- Data records -
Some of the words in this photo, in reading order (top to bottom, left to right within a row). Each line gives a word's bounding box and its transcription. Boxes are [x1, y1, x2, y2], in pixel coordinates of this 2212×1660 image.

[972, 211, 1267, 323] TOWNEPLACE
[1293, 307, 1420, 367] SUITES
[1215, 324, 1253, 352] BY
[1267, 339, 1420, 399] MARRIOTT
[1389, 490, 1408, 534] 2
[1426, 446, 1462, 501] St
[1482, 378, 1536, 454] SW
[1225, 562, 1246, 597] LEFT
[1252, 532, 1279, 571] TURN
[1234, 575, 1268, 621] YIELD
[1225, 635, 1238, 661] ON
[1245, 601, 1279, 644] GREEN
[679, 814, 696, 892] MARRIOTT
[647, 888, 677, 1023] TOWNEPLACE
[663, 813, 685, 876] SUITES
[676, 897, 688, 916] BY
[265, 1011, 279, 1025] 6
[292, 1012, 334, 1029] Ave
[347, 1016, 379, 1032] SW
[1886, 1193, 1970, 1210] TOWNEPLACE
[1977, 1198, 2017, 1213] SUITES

* * *

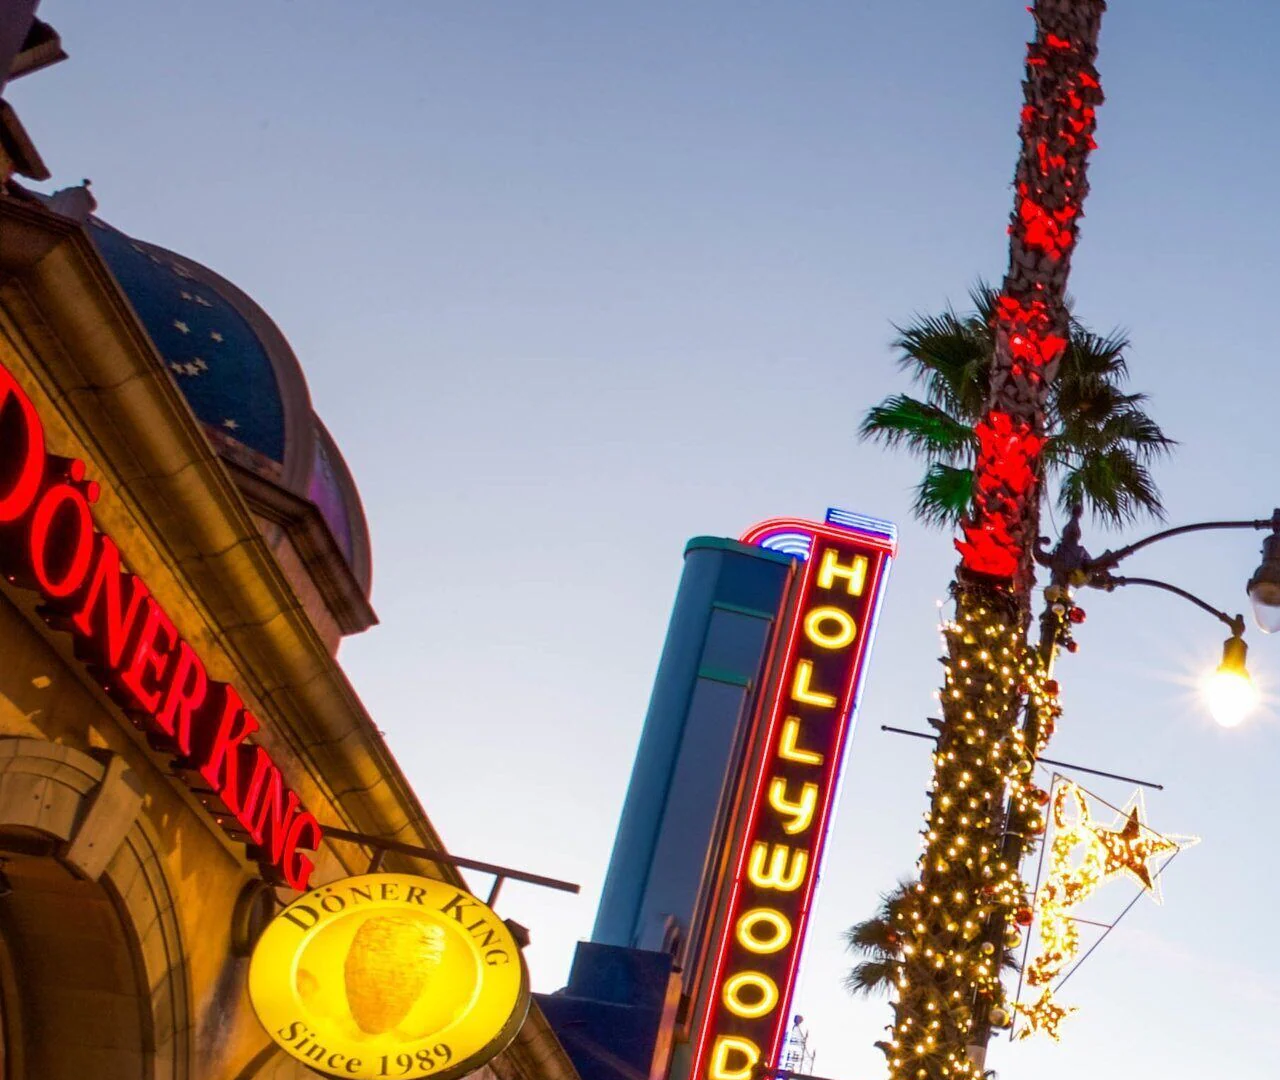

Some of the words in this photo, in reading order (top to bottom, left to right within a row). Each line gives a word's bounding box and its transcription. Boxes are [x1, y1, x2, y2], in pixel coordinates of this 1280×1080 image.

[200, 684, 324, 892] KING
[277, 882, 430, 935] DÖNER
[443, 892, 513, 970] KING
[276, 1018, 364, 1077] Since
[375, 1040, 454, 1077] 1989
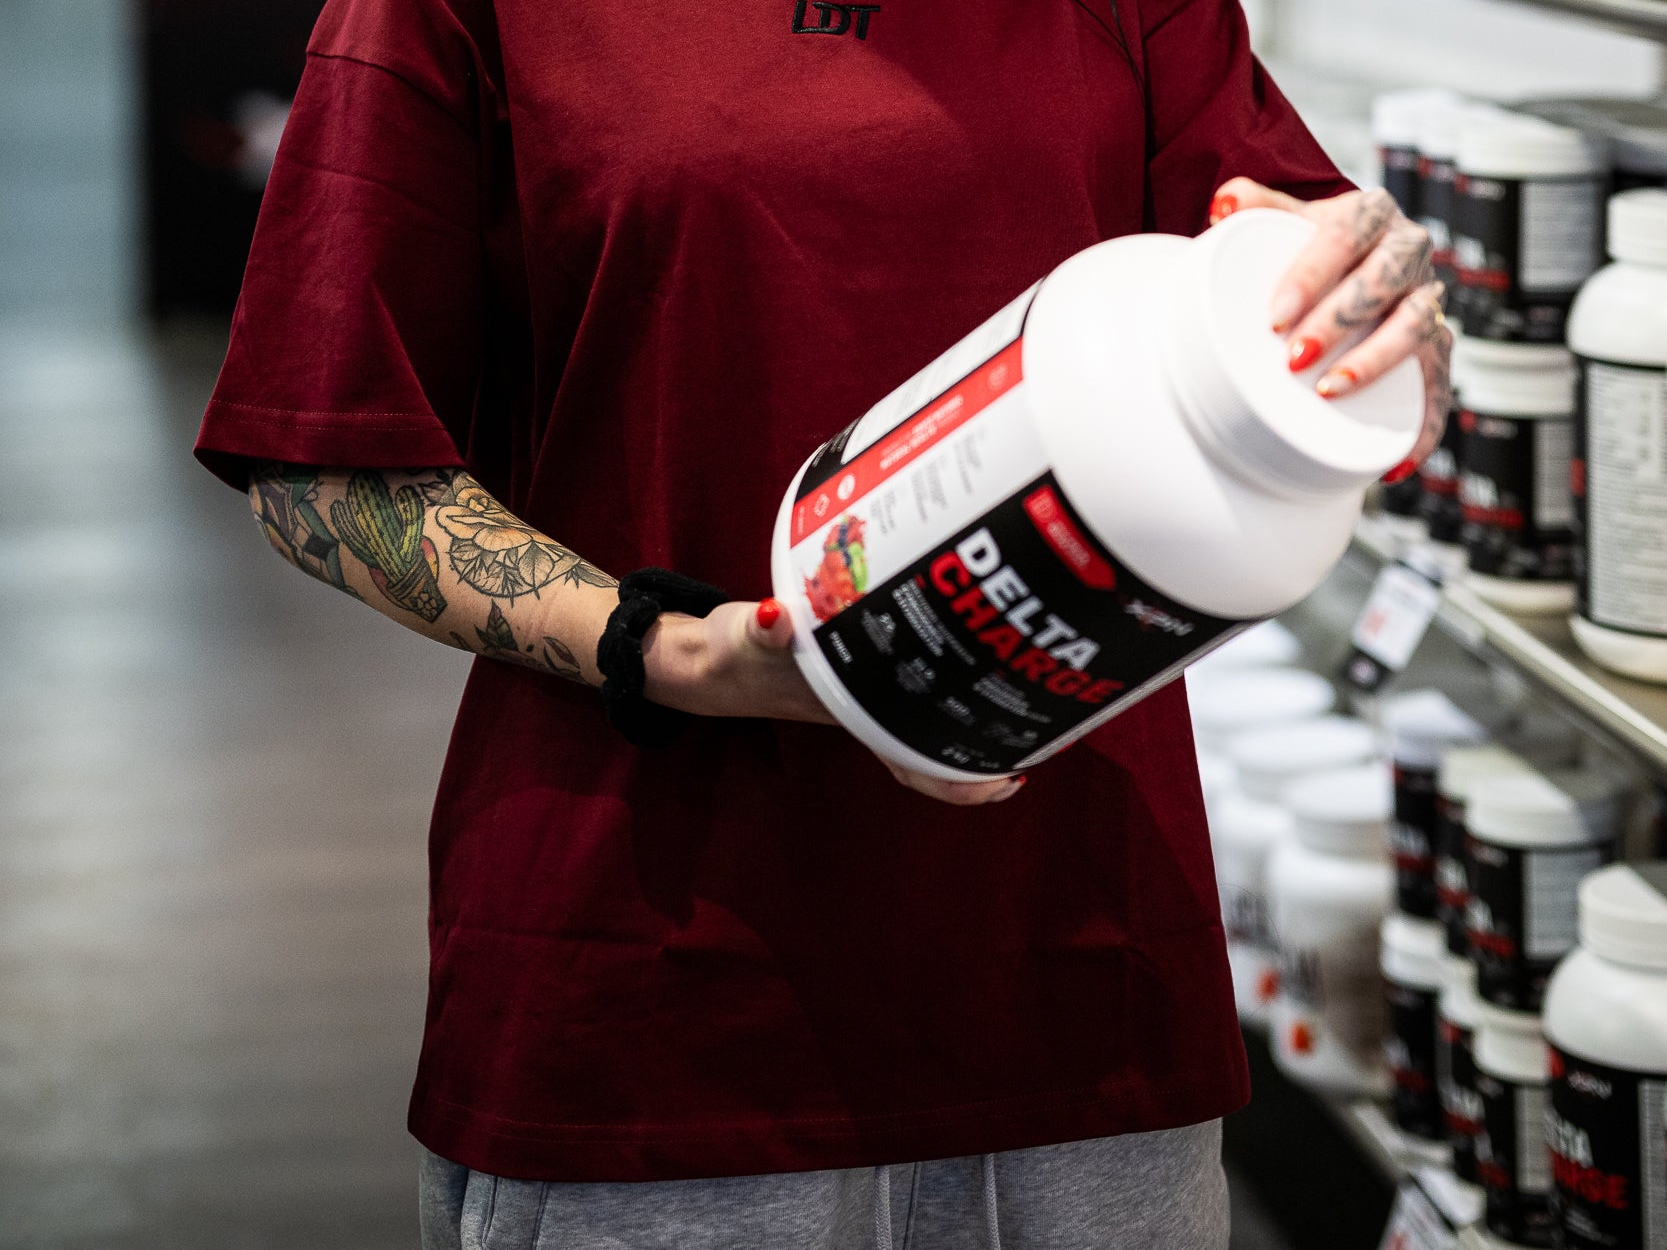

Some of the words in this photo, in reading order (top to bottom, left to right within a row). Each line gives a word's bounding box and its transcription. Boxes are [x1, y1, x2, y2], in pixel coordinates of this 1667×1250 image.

- Your objective -
Write out exactly the run of lines above that starts at the line containing "this 1280×1080 image." and ends at the line containing "this 1667×1250 image.". Include both, and leave the pictures out.

- Solved problem -
Some of the words in this photo, in reading order (top to bottom, left to right within a row). Each line gives a word's bounding box and its transcription. Boxes are [x1, y1, x2, y2], in pixel coordinates of this 1280×1080 image.

[200, 684, 324, 892] KING
[277, 882, 430, 935] DÖNER
[443, 892, 513, 970] KING
[276, 1018, 364, 1077] Since
[375, 1040, 454, 1077] 1989

Some of the words in this photo, in reading order (top to bottom, left to right within a row). Each line gives a word's bounding box and its transcription. Boxes are [x1, y1, x2, y2], in pixel coordinates of this 1667×1250 image.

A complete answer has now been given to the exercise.